[AJD] Phosporic acid and cleaning a gas tank

Steve Treimer steelerhawk at yahoo.com
Mon Jul 18 07:08:31 PDT 2005


Kyle,
As an experiment, you could try sticking a nail in a glass full of Coca-Cola or Pepsi.  Both are formulated with phosphoric acid to give the pop it's acidity.  If I remember correctly, the nail will rust and get eaten away.  
While iron will react with phosphate to produce the protective iron phosphate coating you're looking for, the strong acid will similarly cause the metal to rust.  I'm not entirely sure now the iron phosphate treatment products work, but I'm not surprised that you couldn't get a rust proof coating.  having pre-treated with muriatic acid may be why, but since you thoroughly rinse, I'm not really sure.
Like Eric, I used Kreem on one of my gas tank after a similar cleaning such as yours.  The rust that you see in your tank would only be surface and should come right off with a blasting of water and rinse with several subsequent washings of isopropyl alchohol and/or acetone.  Then coat with the Kreem and you should be golden.
Don't get discouraged!  You're definitely on the right track.
Steve

Kyle Sands <willys_46 at mail.com> wrote:
I would never have imagined it would be so difficult to find phosphoric acid. I called all over town asking for it by name and also under names such as ospho, metal prep, or metal etch. Nobody had anything, but more likely, I don't think anybody had a clue what I was aksing for...

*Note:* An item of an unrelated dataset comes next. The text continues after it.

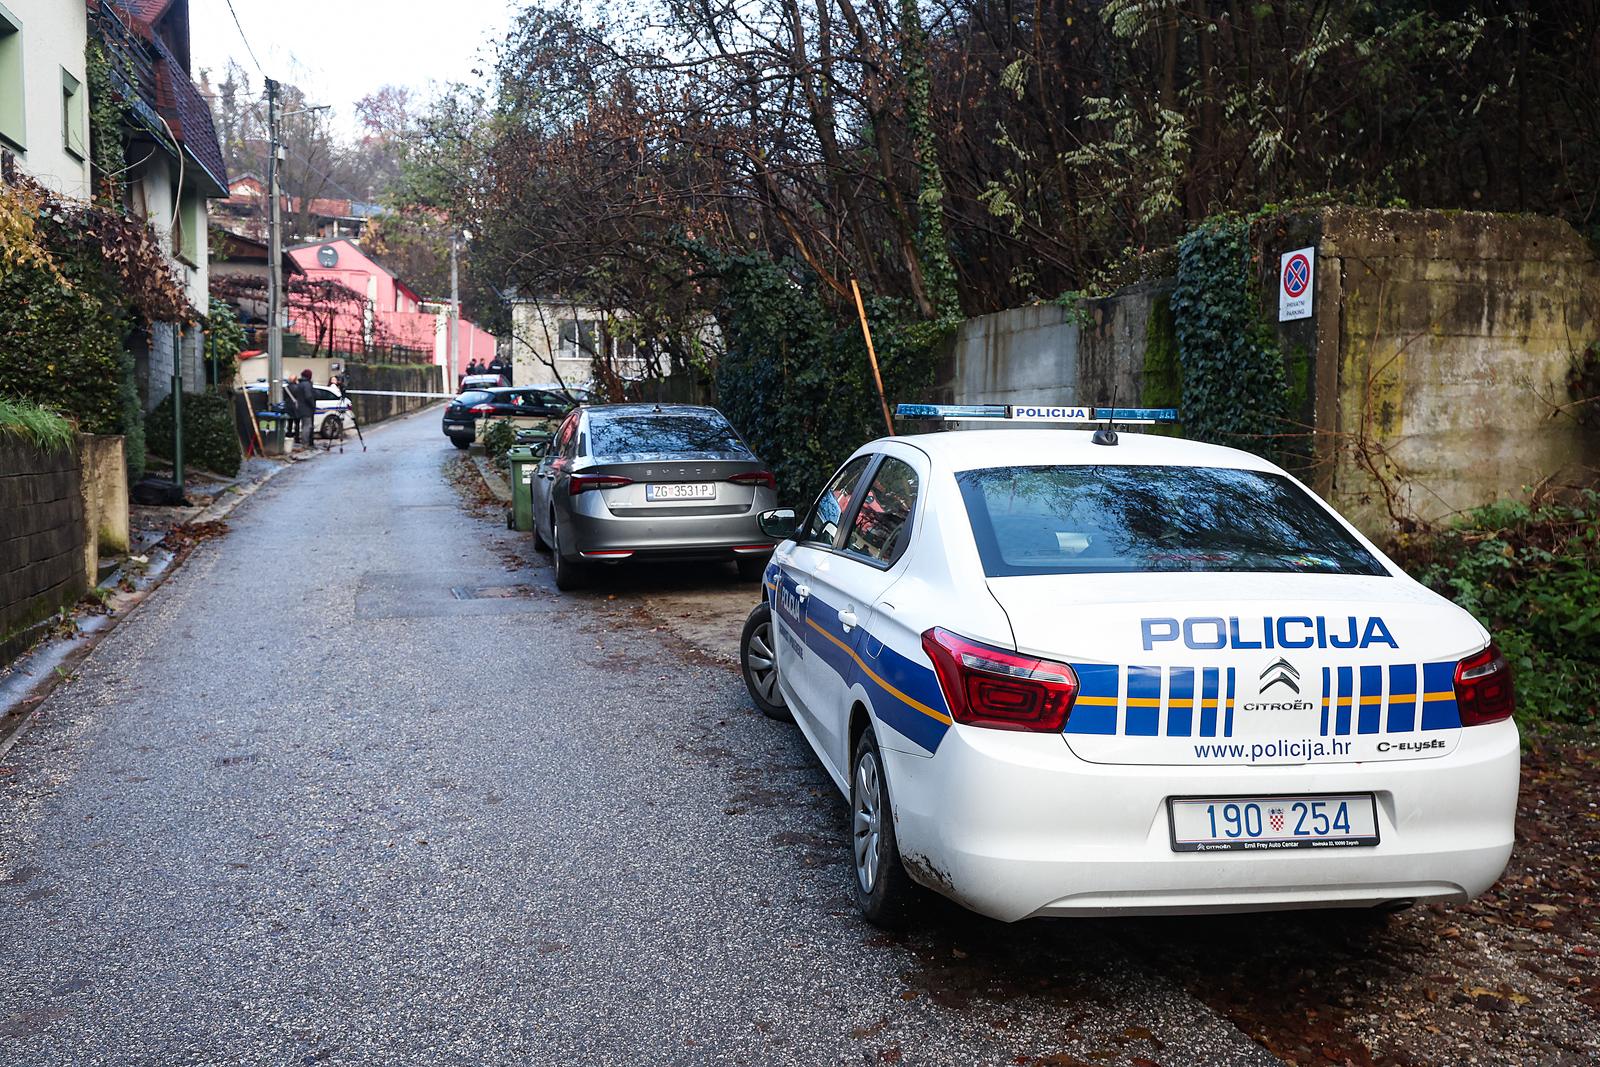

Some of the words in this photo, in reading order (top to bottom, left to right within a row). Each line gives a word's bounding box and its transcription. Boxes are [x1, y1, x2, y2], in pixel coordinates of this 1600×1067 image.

In desparation, I went to a fleet store and looked through all their cleaning products to see what I could find. I finally found a product called rust destroyer or something like that and it listed the active ingredient as phosphoric acid. It cost my 8 bucks for 32 oz. but I didn't care.

I had cleaned out my gas tank using muriatic acid to eat away all (or at least most) of the rust inside. I then washed that solution out with a lot of water and poured in this rust destroyer stuff. I sloshed it around, let it sit, sloshed it around again, let it sit, and did that several times leaving it in overnight. I poured it out the next day figuring my tank was ready - sealed and protected from future rust.

Wrong! I opened it up a couple days later and rust is starting to form on the walls and on the little metal dipstick. What's going on? I thought phosphoric acid was supposed to coat the metal with a protective coating?? Am I wrong, or did I mess up somewhere?????